[Provided entries]
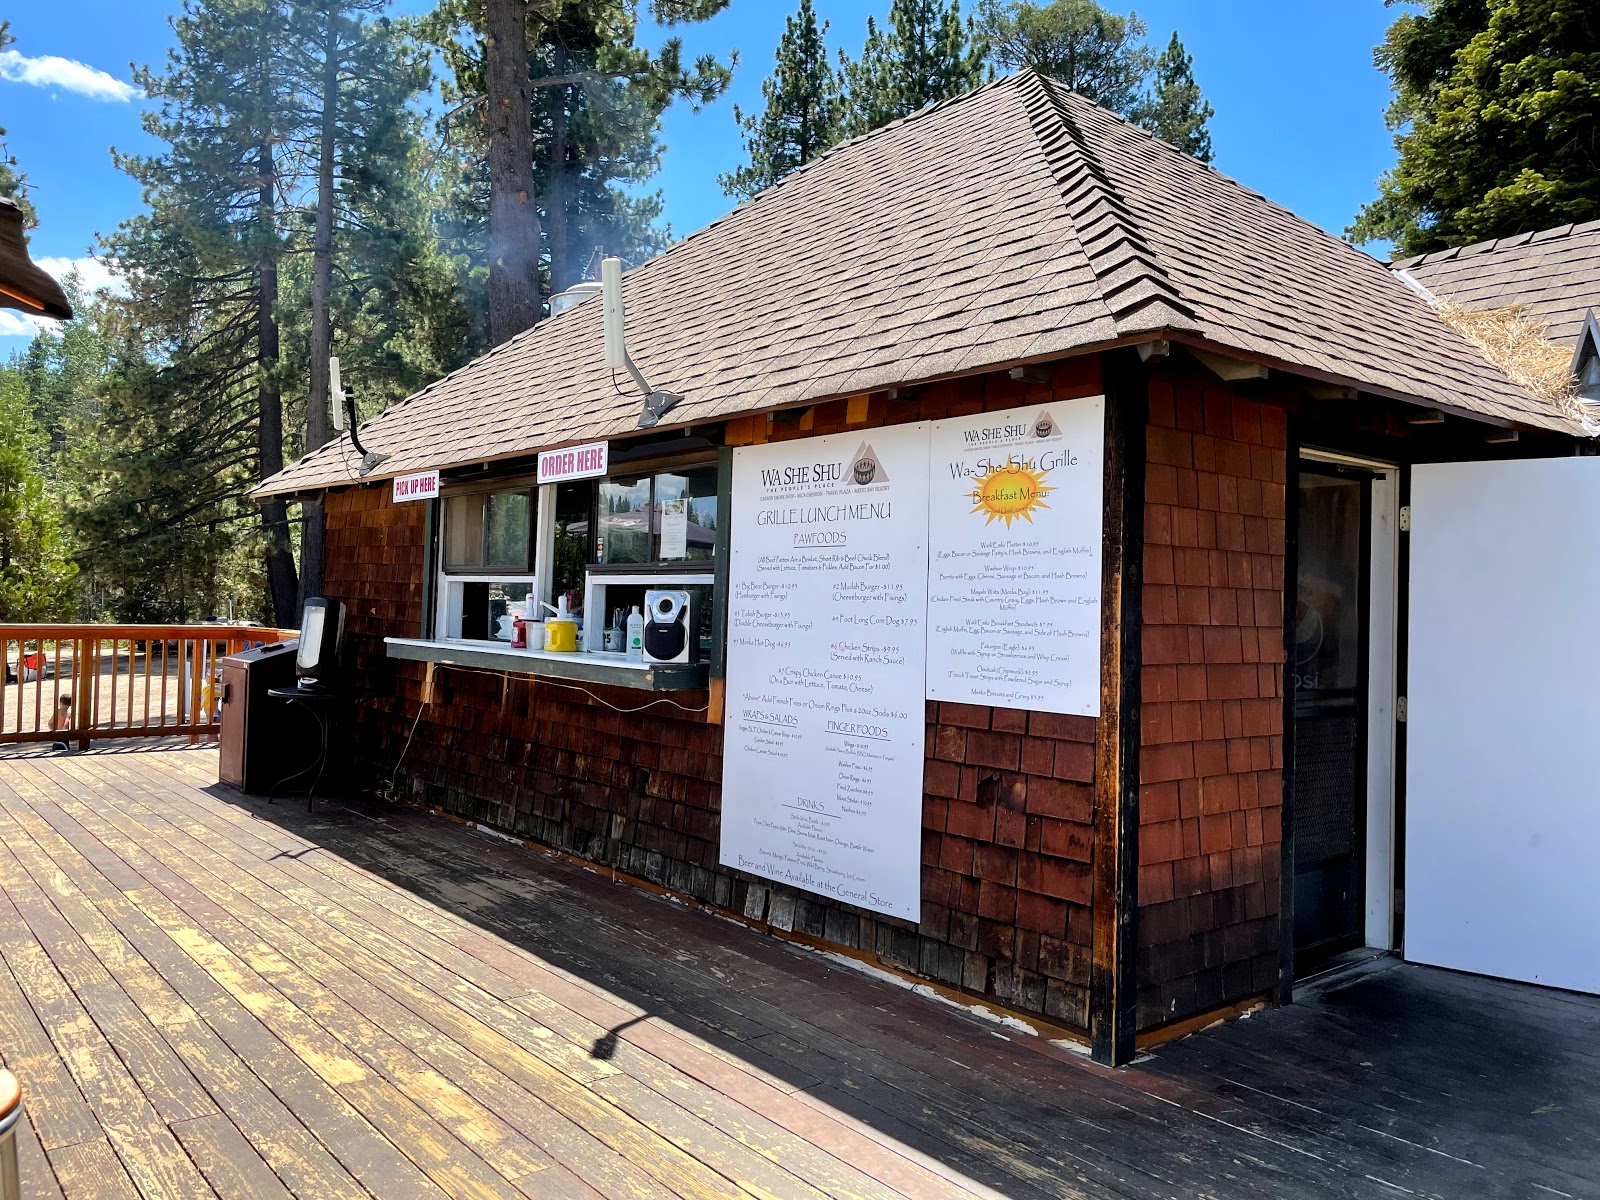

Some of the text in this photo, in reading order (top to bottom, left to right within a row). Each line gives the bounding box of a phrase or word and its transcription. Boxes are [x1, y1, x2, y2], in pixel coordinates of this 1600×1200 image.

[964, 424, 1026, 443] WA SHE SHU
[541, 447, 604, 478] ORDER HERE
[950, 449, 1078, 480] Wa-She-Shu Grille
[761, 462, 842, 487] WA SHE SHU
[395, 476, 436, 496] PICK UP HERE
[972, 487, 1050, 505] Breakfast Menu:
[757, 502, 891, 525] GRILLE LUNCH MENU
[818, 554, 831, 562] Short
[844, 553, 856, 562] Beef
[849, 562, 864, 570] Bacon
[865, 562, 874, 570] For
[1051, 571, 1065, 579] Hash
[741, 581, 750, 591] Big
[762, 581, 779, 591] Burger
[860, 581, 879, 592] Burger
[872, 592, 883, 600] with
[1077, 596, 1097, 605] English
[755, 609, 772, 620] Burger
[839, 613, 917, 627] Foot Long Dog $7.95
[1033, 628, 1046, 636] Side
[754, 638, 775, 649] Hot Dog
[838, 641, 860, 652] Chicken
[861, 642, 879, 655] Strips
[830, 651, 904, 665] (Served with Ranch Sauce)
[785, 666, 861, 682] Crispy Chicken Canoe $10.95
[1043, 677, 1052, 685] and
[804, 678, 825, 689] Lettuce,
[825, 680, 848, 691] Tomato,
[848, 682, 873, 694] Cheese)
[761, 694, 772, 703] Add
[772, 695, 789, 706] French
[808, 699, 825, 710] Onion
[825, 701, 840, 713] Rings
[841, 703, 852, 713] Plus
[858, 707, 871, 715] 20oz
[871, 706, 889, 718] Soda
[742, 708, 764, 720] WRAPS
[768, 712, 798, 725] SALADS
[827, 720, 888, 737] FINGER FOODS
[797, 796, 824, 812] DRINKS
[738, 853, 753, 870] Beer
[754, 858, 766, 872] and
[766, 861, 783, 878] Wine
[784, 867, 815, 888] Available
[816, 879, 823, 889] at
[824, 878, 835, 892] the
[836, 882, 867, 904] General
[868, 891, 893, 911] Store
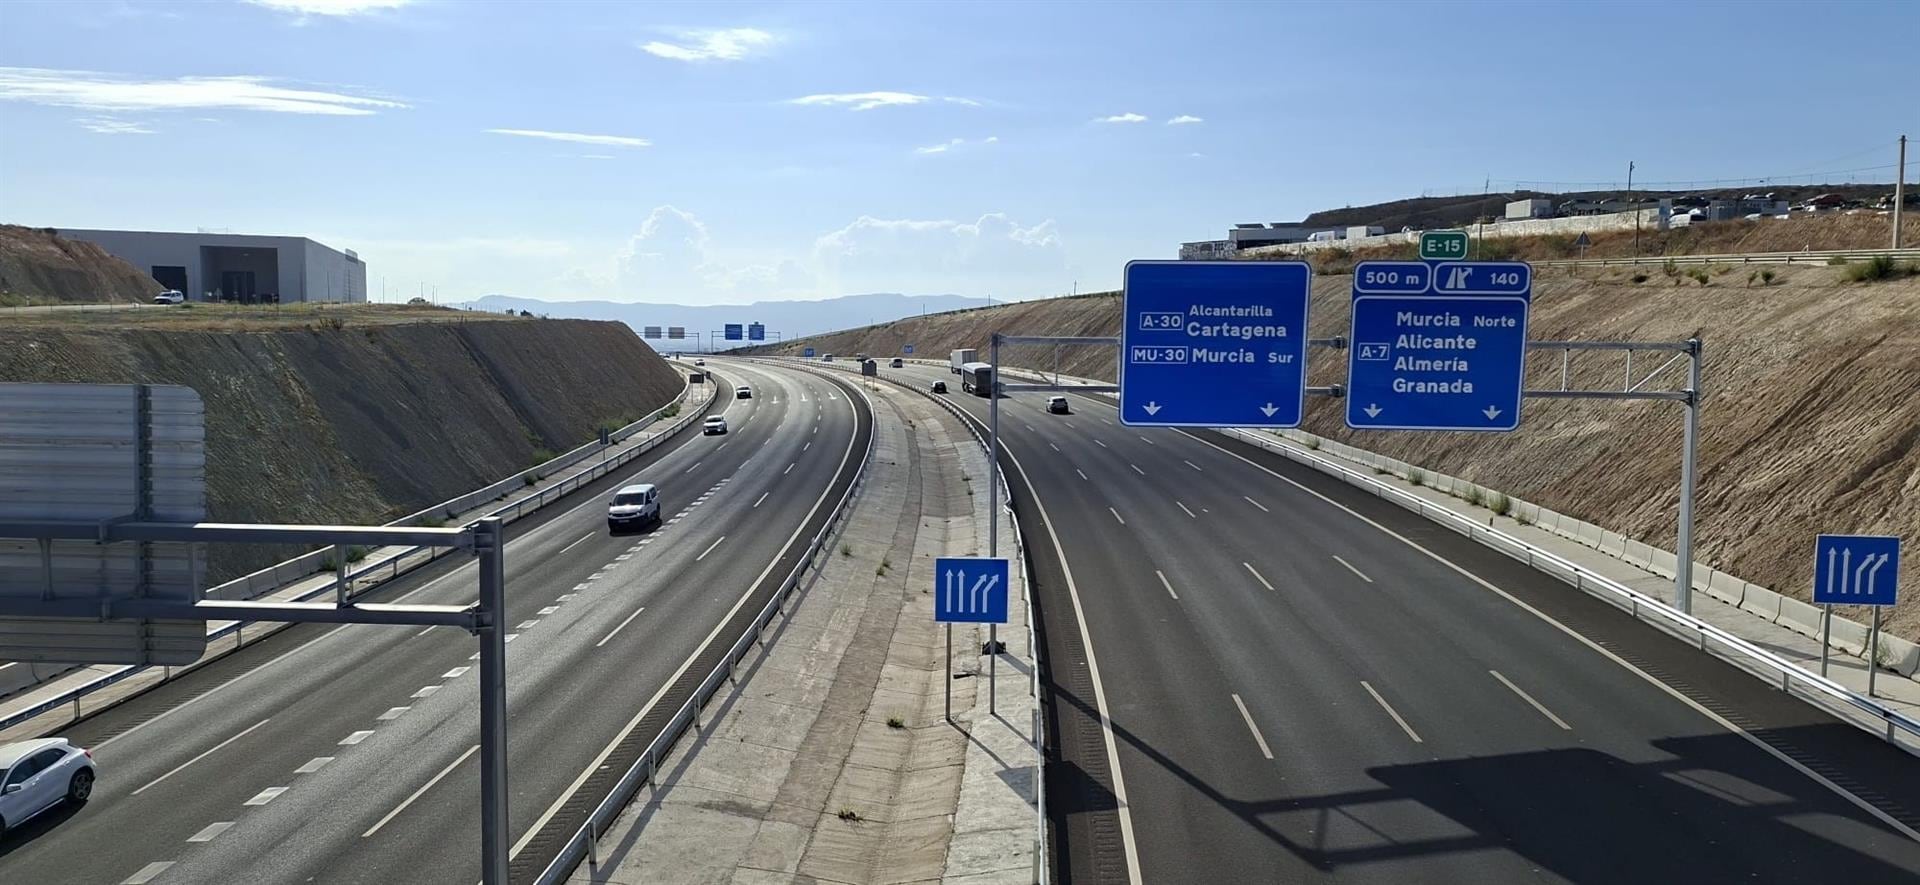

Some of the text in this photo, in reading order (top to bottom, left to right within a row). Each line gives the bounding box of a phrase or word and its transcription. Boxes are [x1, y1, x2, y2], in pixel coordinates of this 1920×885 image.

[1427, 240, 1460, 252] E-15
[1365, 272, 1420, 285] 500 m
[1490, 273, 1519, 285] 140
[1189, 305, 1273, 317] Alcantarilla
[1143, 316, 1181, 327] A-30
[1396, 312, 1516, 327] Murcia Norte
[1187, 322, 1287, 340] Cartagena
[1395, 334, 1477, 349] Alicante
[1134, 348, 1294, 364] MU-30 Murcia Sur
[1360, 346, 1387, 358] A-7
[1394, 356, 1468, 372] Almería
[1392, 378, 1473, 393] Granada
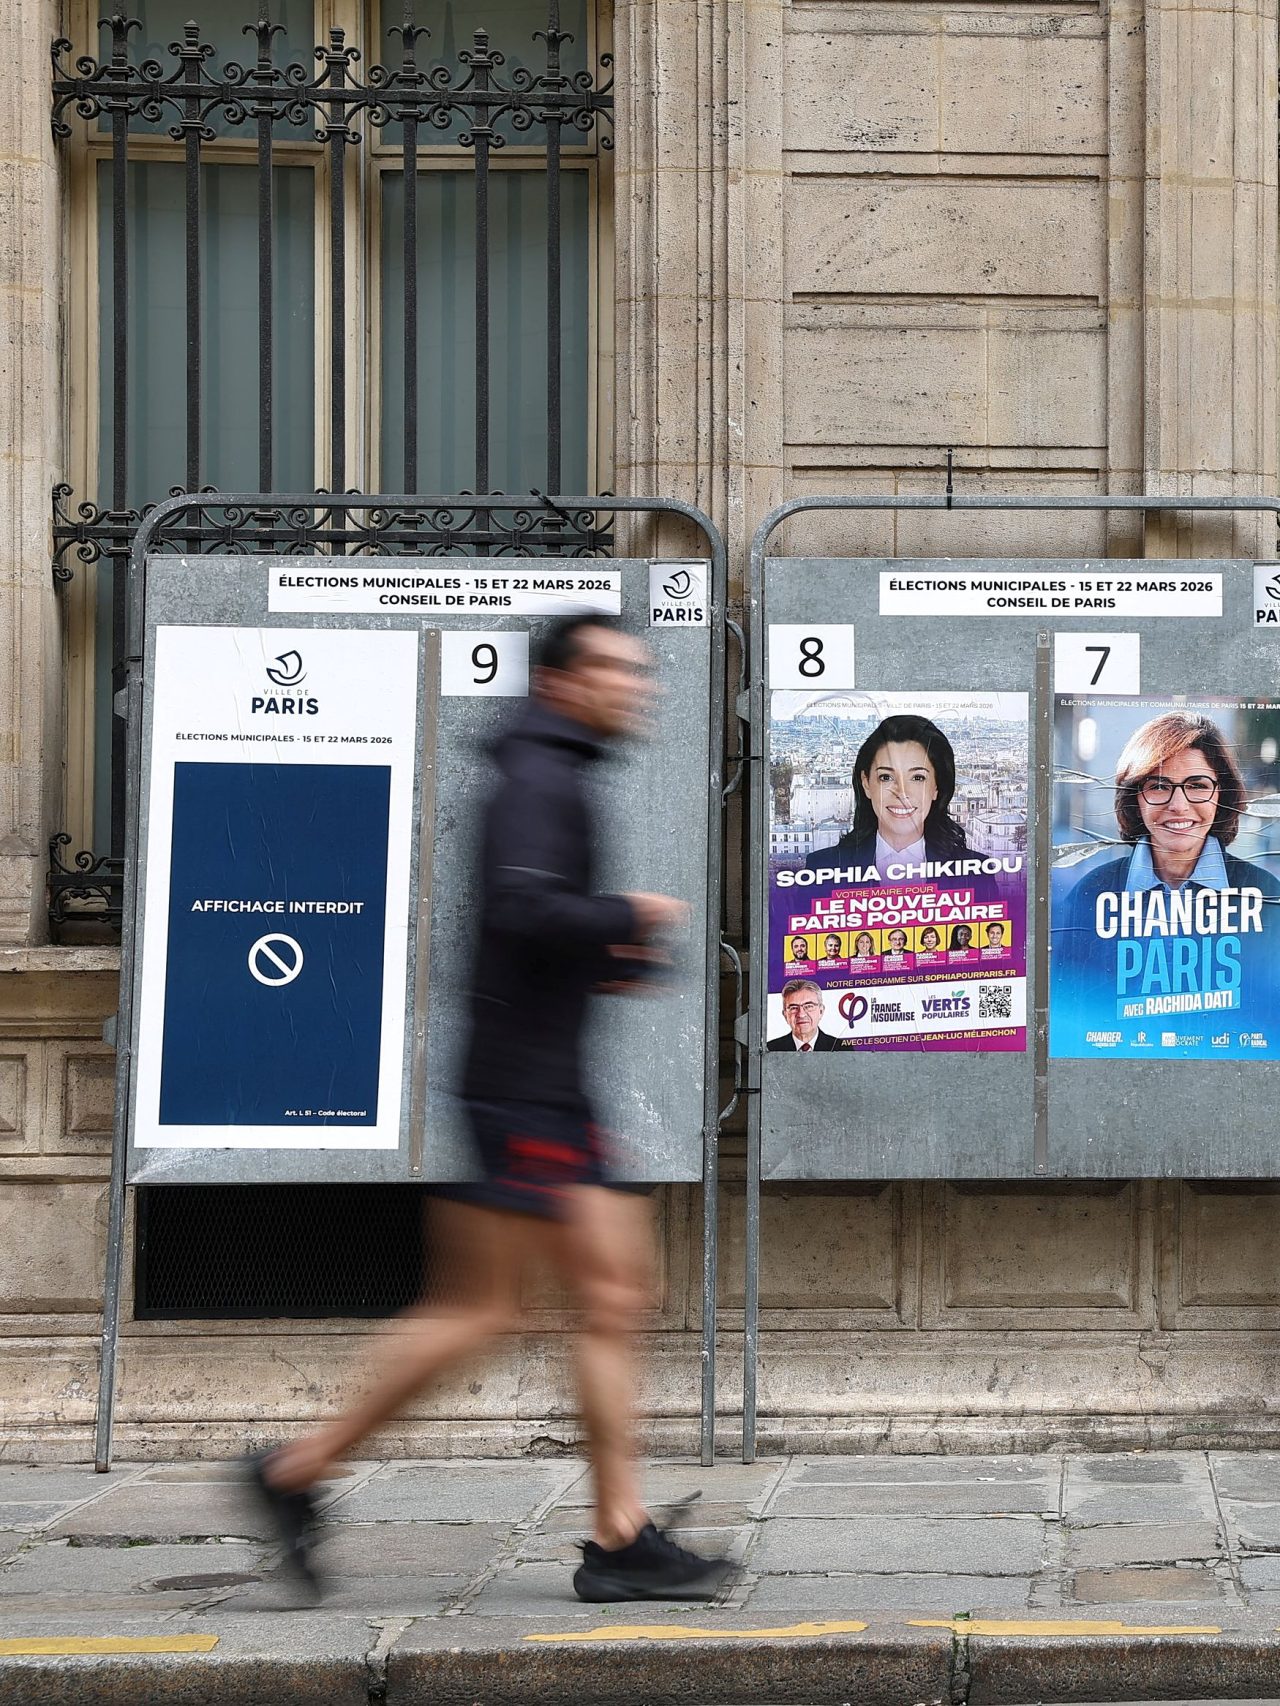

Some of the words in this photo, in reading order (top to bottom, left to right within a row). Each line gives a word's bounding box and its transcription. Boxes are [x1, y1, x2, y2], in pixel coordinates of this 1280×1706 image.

[Exercise instructions]
Without including any image, reproduce the full listing above as written.

[Result for this exercise]
Some of the text in this photo, in reading order (top to bottom, left to right within a row). Each line gives the bounding box of a phrase or word and its transcription. Boxes are [x1, y1, x2, y2], in pixel coordinates of this 1600×1200 image.

[964, 424, 1026, 443] WA SHE SHU
[541, 447, 604, 478] ORDER HERE
[950, 449, 1078, 480] Wa-She-Shu Grille
[761, 462, 842, 487] WA SHE SHU
[395, 476, 436, 496] PICK UP HERE
[972, 487, 1050, 505] Breakfast Menu:
[757, 502, 891, 525] GRILLE LUNCH MENU
[818, 554, 831, 562] Short
[844, 553, 856, 562] Beef
[849, 562, 864, 570] Bacon
[865, 562, 874, 570] For
[1051, 571, 1065, 579] Hash
[741, 581, 750, 591] Big
[762, 581, 779, 591] Burger
[860, 581, 879, 592] Burger
[872, 592, 883, 600] with
[1077, 596, 1097, 605] English
[755, 609, 772, 620] Burger
[839, 613, 917, 627] Foot Long Dog $7.95
[1033, 628, 1046, 636] Side
[754, 638, 775, 649] Hot Dog
[838, 641, 860, 652] Chicken
[861, 642, 879, 655] Strips
[830, 651, 904, 665] (Served with Ranch Sauce)
[785, 666, 861, 682] Crispy Chicken Canoe $10.95
[1043, 677, 1052, 685] and
[804, 678, 825, 689] Lettuce,
[825, 680, 848, 691] Tomato,
[848, 682, 873, 694] Cheese)
[761, 694, 772, 703] Add
[772, 695, 789, 706] French
[808, 699, 825, 710] Onion
[825, 701, 840, 713] Rings
[841, 703, 852, 713] Plus
[858, 707, 871, 715] 20oz
[871, 706, 889, 718] Soda
[742, 708, 764, 720] WRAPS
[768, 712, 798, 725] SALADS
[827, 720, 888, 737] FINGER FOODS
[797, 796, 824, 812] DRINKS
[738, 853, 753, 870] Beer
[754, 858, 766, 872] and
[766, 861, 783, 878] Wine
[784, 867, 815, 888] Available
[816, 879, 823, 889] at
[824, 878, 835, 892] the
[836, 882, 867, 904] General
[868, 891, 893, 911] Store

Some of the text in this photo, in reading order (top to bottom, left to right within a row). Each line gives the bounding box of a phrase or word and its transcription. Boxes are [x1, y1, x2, y2], in pixel coordinates of this 1920×885 image.

[1427, 240, 1460, 252] E-15
[1365, 272, 1420, 285] 500 m
[1490, 273, 1519, 285] 140
[1189, 305, 1273, 317] Alcantarilla
[1143, 316, 1181, 327] A-30
[1396, 312, 1516, 327] Murcia Norte
[1187, 322, 1287, 340] Cartagena
[1395, 334, 1477, 349] Alicante
[1134, 348, 1294, 364] MU-30 Murcia Sur
[1360, 346, 1387, 358] A-7
[1394, 356, 1468, 372] Almería
[1392, 378, 1473, 393] Granada

Some of the words in this photo, in reading order (top to bottom, left to right within a row). Each line gives a word's bounding box and its transcription. Boxes are [x1, y1, x2, y2], in pixel coordinates of this 1280×1706 image.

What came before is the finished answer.